First off, by diagnosis, I bear the label 'Unipolar Affective Disorder (Hypomania)', with pride. No stigma for me, no ma'am!
I'll introduce my world view with a short message, sent to a gal-pal enjoying the early stages of mania, but worried that she was 'too happy' and worried about the fall in to depression that would follow. (Her peaks of the high - falling off the mountain, to her lows - the foothills).
I will paraphrase slightly, to preserve anonymity.
"Fear of happiness is the most insidious trap of all, don't fall for it amiga.
We are highlanders, we touch the sky, to grasp the horizon.

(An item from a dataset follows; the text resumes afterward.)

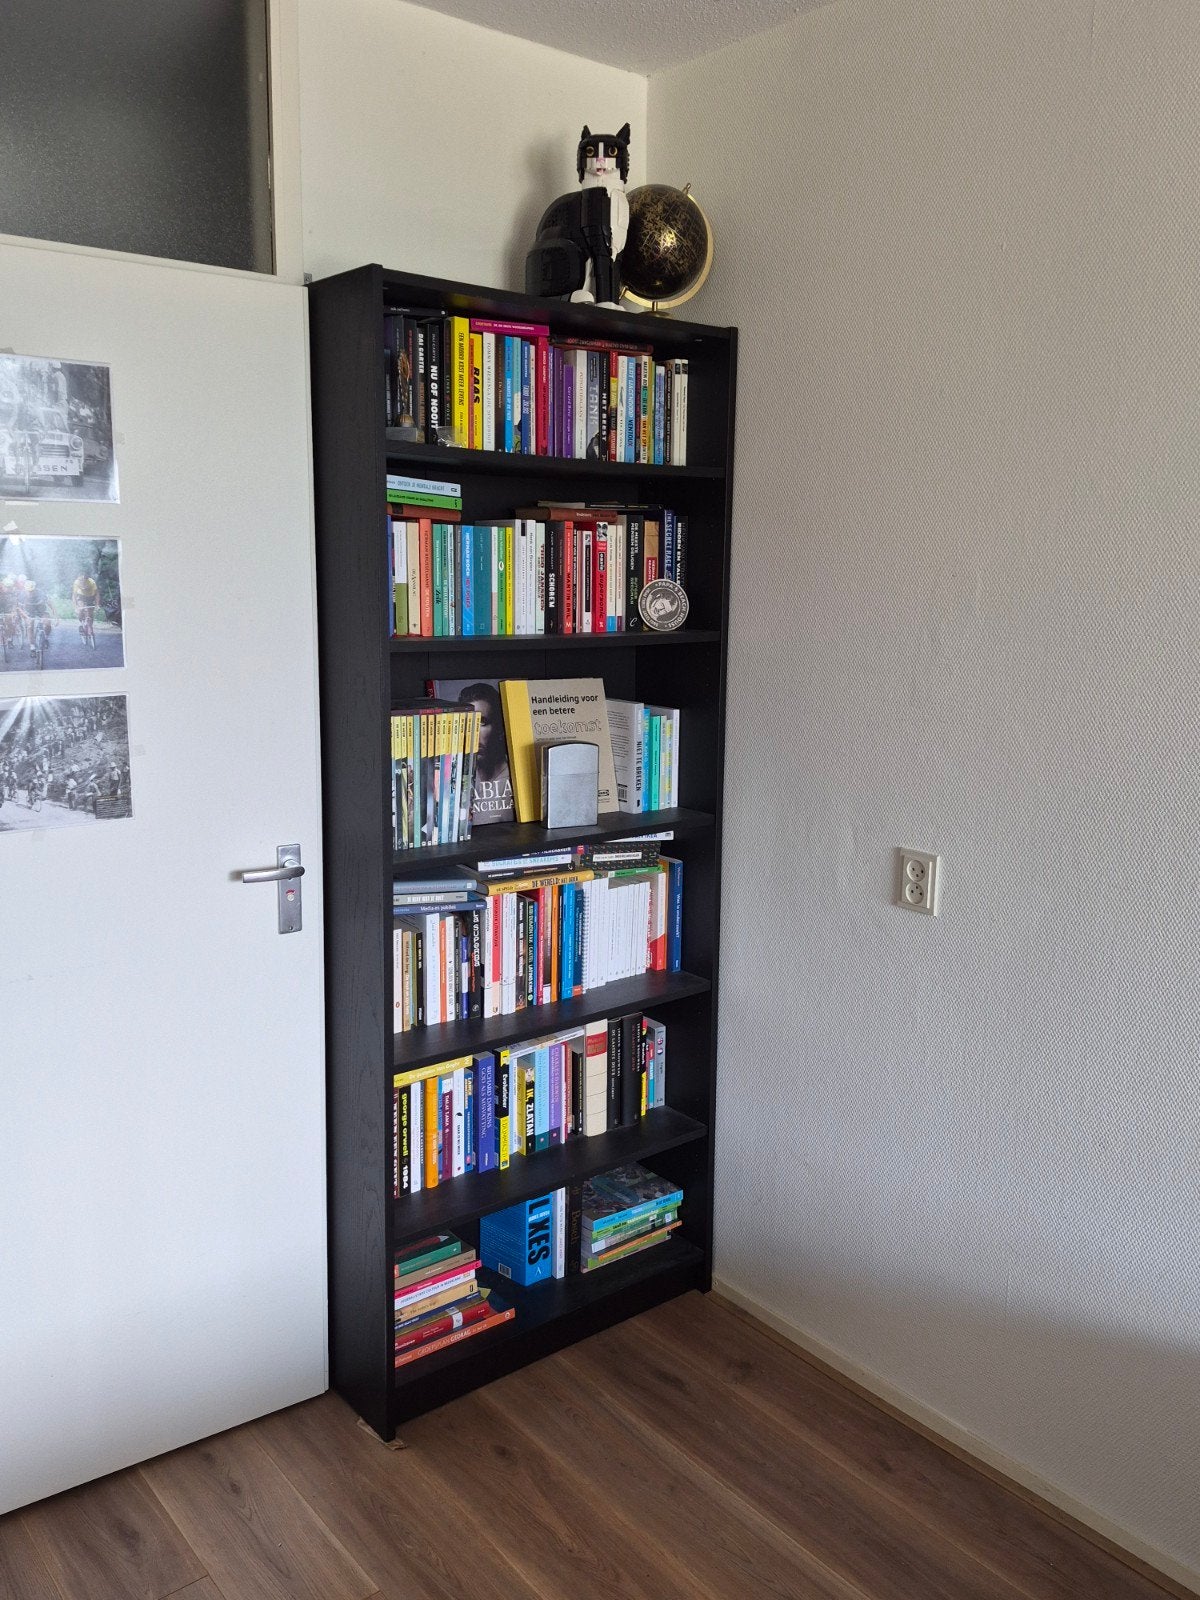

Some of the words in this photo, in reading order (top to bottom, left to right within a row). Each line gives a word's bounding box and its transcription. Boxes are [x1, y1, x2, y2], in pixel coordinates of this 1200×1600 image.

The foothills are the pay-off, don't begrudge yourself the view."
This seemed to help her to continue enjoying her increased creativity (she is an artist) and she allowed herself the happiness.
As a result - no peak, no depression, just (if I may extend the mountaneering metaphor) some nice hill walking, with some fell running thrown in, for good measure.
Back to my point, because I am immune to depression (I've never cried, even as a baby and throughout my life, my only tears have been of joy or rage), I am unafraid of scaling that mountain, knowing that I won't fall, I'll climb back down myself, with a little help from my meds, both for prophylaxis and for short-term, acute stabilisation.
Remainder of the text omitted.